DATA TO EXAMINE Start Marker

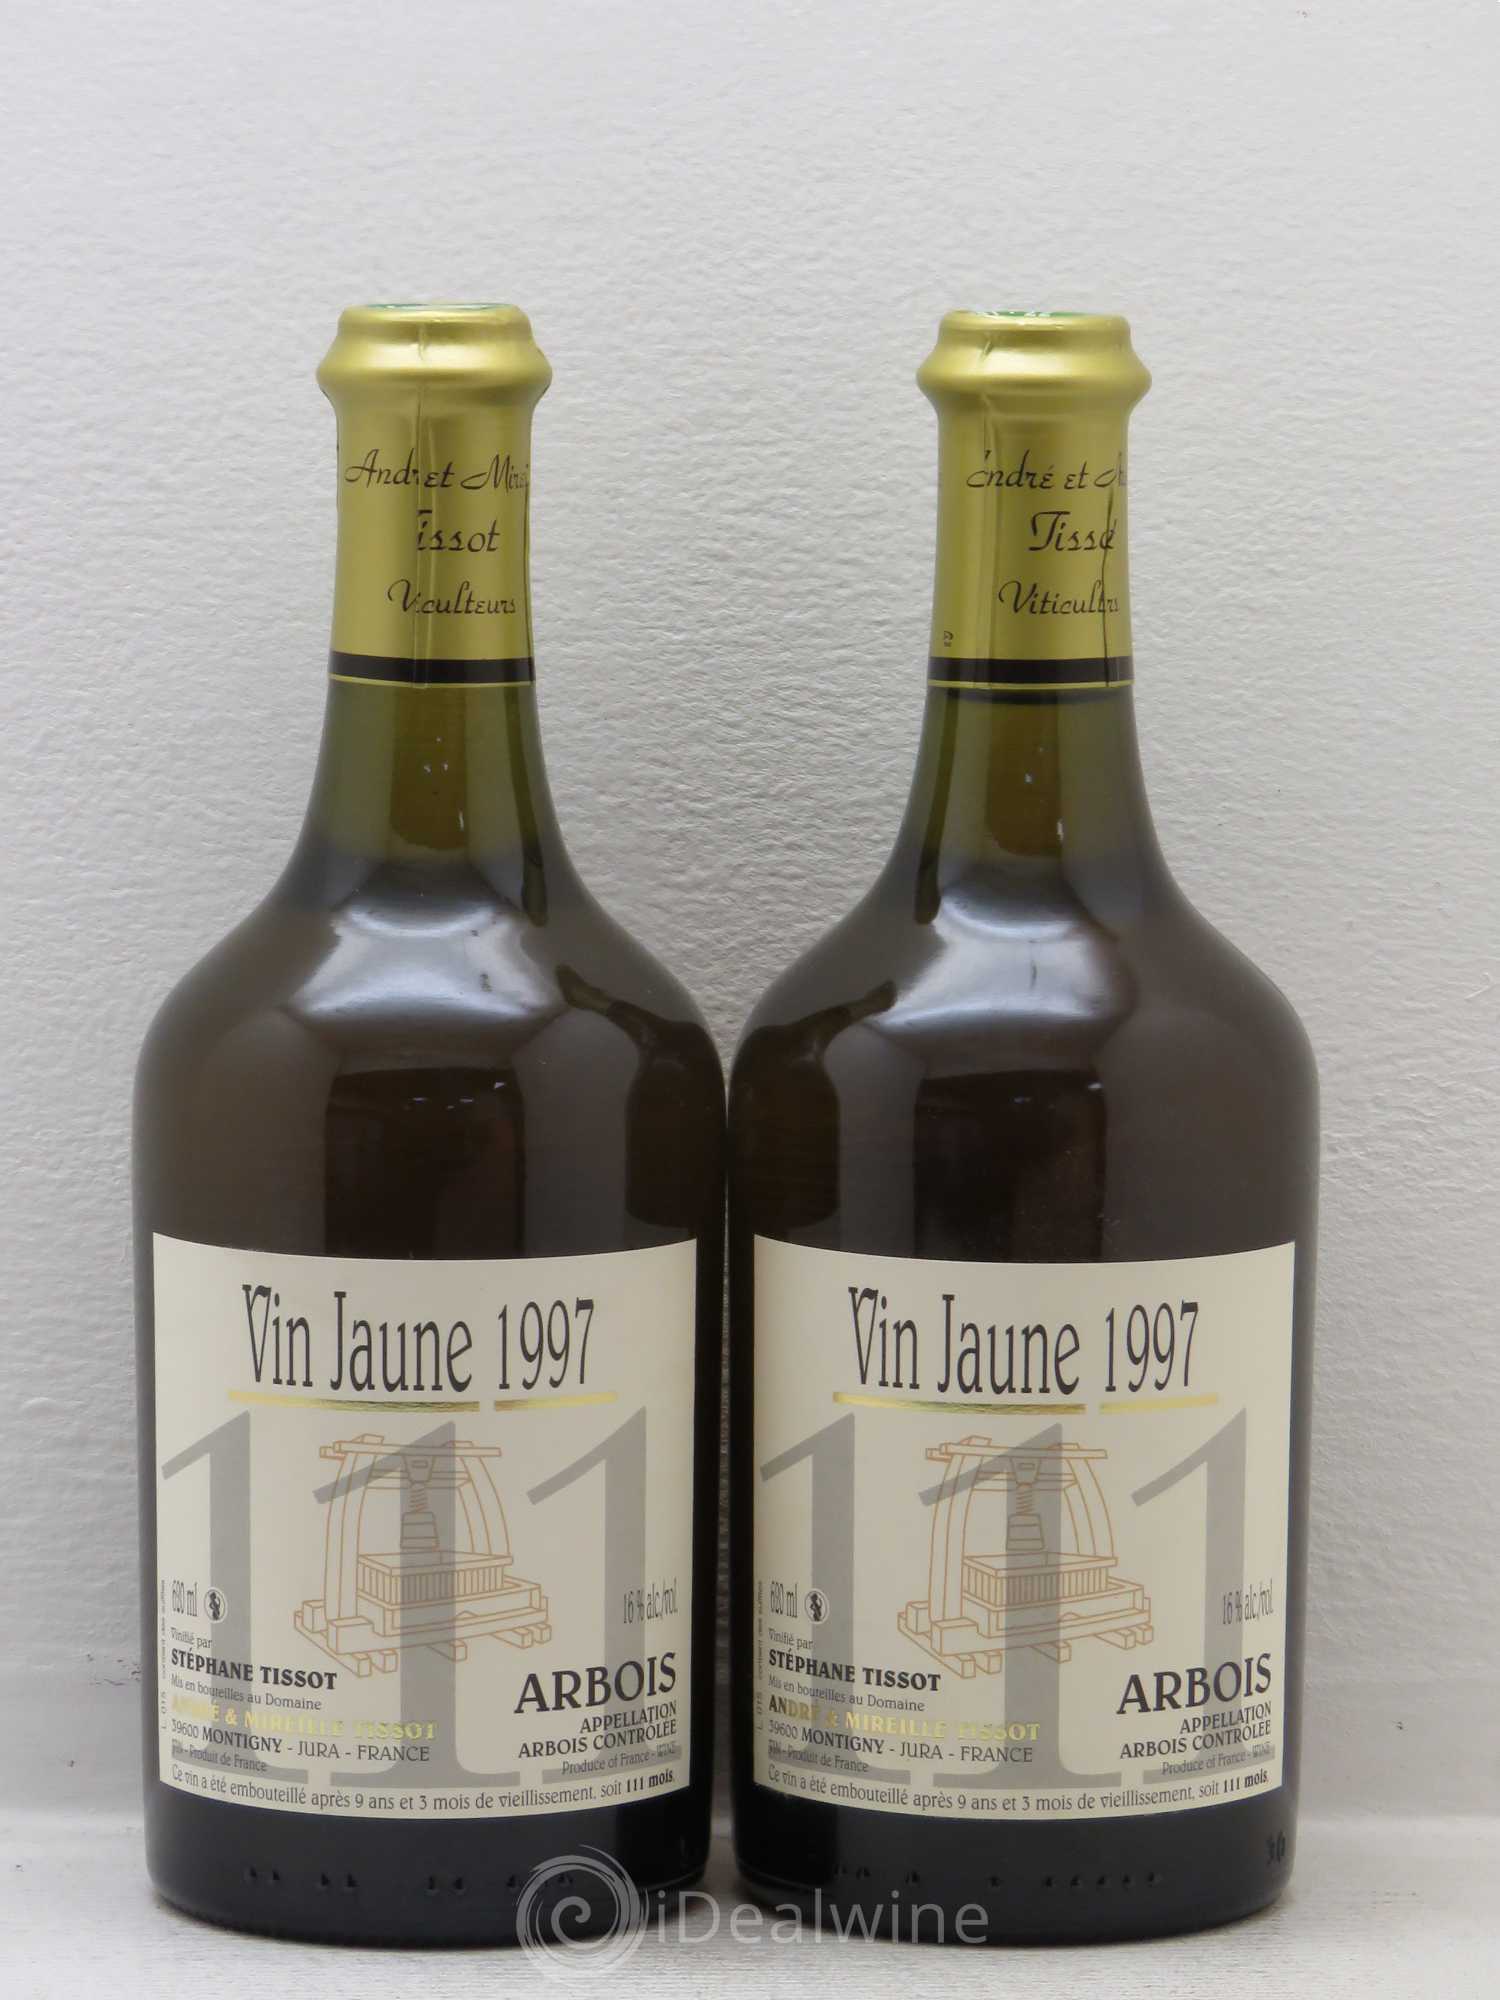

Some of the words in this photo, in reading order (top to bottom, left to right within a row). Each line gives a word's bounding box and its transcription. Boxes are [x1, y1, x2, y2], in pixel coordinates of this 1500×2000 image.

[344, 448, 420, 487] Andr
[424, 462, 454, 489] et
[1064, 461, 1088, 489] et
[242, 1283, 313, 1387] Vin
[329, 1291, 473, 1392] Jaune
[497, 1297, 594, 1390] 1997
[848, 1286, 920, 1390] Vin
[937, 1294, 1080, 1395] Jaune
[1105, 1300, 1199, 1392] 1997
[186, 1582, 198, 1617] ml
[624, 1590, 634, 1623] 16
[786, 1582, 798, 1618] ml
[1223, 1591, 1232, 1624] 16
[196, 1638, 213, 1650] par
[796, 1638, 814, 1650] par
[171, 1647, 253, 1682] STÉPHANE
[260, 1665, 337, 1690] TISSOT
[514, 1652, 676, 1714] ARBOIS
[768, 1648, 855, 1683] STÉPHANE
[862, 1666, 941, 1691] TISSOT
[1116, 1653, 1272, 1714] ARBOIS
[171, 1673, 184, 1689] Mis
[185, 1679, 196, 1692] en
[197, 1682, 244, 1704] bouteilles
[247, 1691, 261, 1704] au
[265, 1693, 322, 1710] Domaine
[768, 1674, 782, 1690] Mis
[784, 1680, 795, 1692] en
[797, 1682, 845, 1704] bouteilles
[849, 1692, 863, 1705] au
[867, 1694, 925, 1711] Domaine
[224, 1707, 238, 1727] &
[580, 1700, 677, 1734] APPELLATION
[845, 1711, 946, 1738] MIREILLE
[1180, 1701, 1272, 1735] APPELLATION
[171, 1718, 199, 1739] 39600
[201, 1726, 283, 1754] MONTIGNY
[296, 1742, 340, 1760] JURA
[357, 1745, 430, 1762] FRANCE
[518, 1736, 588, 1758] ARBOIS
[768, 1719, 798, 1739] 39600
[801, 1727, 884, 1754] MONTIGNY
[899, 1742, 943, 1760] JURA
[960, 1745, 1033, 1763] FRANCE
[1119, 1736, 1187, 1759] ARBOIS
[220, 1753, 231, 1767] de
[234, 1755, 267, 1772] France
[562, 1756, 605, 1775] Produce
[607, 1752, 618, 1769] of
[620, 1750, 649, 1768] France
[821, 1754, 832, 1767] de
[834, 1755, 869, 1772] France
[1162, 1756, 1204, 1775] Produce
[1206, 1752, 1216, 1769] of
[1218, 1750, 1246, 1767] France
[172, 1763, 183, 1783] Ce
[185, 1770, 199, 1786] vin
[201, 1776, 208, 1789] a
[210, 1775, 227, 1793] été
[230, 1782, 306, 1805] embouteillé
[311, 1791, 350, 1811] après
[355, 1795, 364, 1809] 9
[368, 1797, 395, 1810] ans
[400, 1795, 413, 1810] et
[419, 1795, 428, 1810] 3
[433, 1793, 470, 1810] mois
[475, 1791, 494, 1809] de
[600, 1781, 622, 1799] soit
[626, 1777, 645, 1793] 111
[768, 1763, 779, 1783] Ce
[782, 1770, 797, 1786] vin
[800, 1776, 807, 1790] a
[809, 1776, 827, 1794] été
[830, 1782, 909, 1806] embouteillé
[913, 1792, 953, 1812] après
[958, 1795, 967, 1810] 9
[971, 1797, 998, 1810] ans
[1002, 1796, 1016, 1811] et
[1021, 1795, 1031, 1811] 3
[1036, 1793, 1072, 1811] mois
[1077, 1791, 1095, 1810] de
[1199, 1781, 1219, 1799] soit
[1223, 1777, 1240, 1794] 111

DATA TO EXAMINE End Marker

# EXERCISE OBJECTIVE:
What is needed is an exact repeat of every entry above, with the pictures left out.

# RESULT OF THE EXERCISE:
Some of the words in this photo, in reading order (top to bottom, left to right within a row). Each line gives a word's bounding box and its transcription. Boxes are [x1, y1, x2, y2], in pixel coordinates of this 1500×2000 image.

[344, 448, 420, 487] Andr
[424, 462, 454, 489] et
[1064, 461, 1088, 489] et
[242, 1283, 313, 1387] Vin
[329, 1291, 473, 1392] Jaune
[497, 1297, 594, 1390] 1997
[848, 1286, 920, 1390] Vin
[937, 1294, 1080, 1395] Jaune
[1105, 1300, 1199, 1392] 1997
[186, 1582, 198, 1617] ml
[624, 1590, 634, 1623] 16
[786, 1582, 798, 1618] ml
[1223, 1591, 1232, 1624] 16
[196, 1638, 213, 1650] par
[796, 1638, 814, 1650] par
[171, 1647, 253, 1682] STÉPHANE
[260, 1665, 337, 1690] TISSOT
[514, 1652, 676, 1714] ARBOIS
[768, 1648, 855, 1683] STÉPHANE
[862, 1666, 941, 1691] TISSOT
[1116, 1653, 1272, 1714] ARBOIS
[171, 1673, 184, 1689] Mis
[185, 1679, 196, 1692] en
[197, 1682, 244, 1704] bouteilles
[247, 1691, 261, 1704] au
[265, 1693, 322, 1710] Domaine
[768, 1674, 782, 1690] Mis
[784, 1680, 795, 1692] en
[797, 1682, 845, 1704] bouteilles
[849, 1692, 863, 1705] au
[867, 1694, 925, 1711] Domaine
[224, 1707, 238, 1727] &
[580, 1700, 677, 1734] APPELLATION
[845, 1711, 946, 1738] MIREILLE
[1180, 1701, 1272, 1735] APPELLATION
[171, 1718, 199, 1739] 39600
[201, 1726, 283, 1754] MONTIGNY
[296, 1742, 340, 1760] JURA
[357, 1745, 430, 1762] FRANCE
[518, 1736, 588, 1758] ARBOIS
[768, 1719, 798, 1739] 39600
[801, 1727, 884, 1754] MONTIGNY
[899, 1742, 943, 1760] JURA
[960, 1745, 1033, 1763] FRANCE
[1119, 1736, 1187, 1759] ARBOIS
[220, 1753, 231, 1767] de
[234, 1755, 267, 1772] France
[562, 1756, 605, 1775] Produce
[607, 1752, 618, 1769] of
[620, 1750, 649, 1768] France
[821, 1754, 832, 1767] de
[834, 1755, 869, 1772] France
[1162, 1756, 1204, 1775] Produce
[1206, 1752, 1216, 1769] of
[1218, 1750, 1246, 1767] France
[172, 1763, 183, 1783] Ce
[185, 1770, 199, 1786] vin
[201, 1776, 208, 1789] a
[210, 1775, 227, 1793] été
[230, 1782, 306, 1805] embouteillé
[311, 1791, 350, 1811] après
[355, 1795, 364, 1809] 9
[368, 1797, 395, 1810] ans
[400, 1795, 413, 1810] et
[419, 1795, 428, 1810] 3
[433, 1793, 470, 1810] mois
[475, 1791, 494, 1809] de
[600, 1781, 622, 1799] soit
[626, 1777, 645, 1793] 111
[768, 1763, 779, 1783] Ce
[782, 1770, 797, 1786] vin
[800, 1776, 807, 1790] a
[809, 1776, 827, 1794] été
[830, 1782, 909, 1806] embouteillé
[913, 1792, 953, 1812] après
[958, 1795, 967, 1810] 9
[971, 1797, 998, 1810] ans
[1002, 1796, 1016, 1811] et
[1021, 1795, 1031, 1811] 3
[1036, 1793, 1072, 1811] mois
[1077, 1791, 1095, 1810] de
[1199, 1781, 1219, 1799] soit
[1223, 1777, 1240, 1794] 111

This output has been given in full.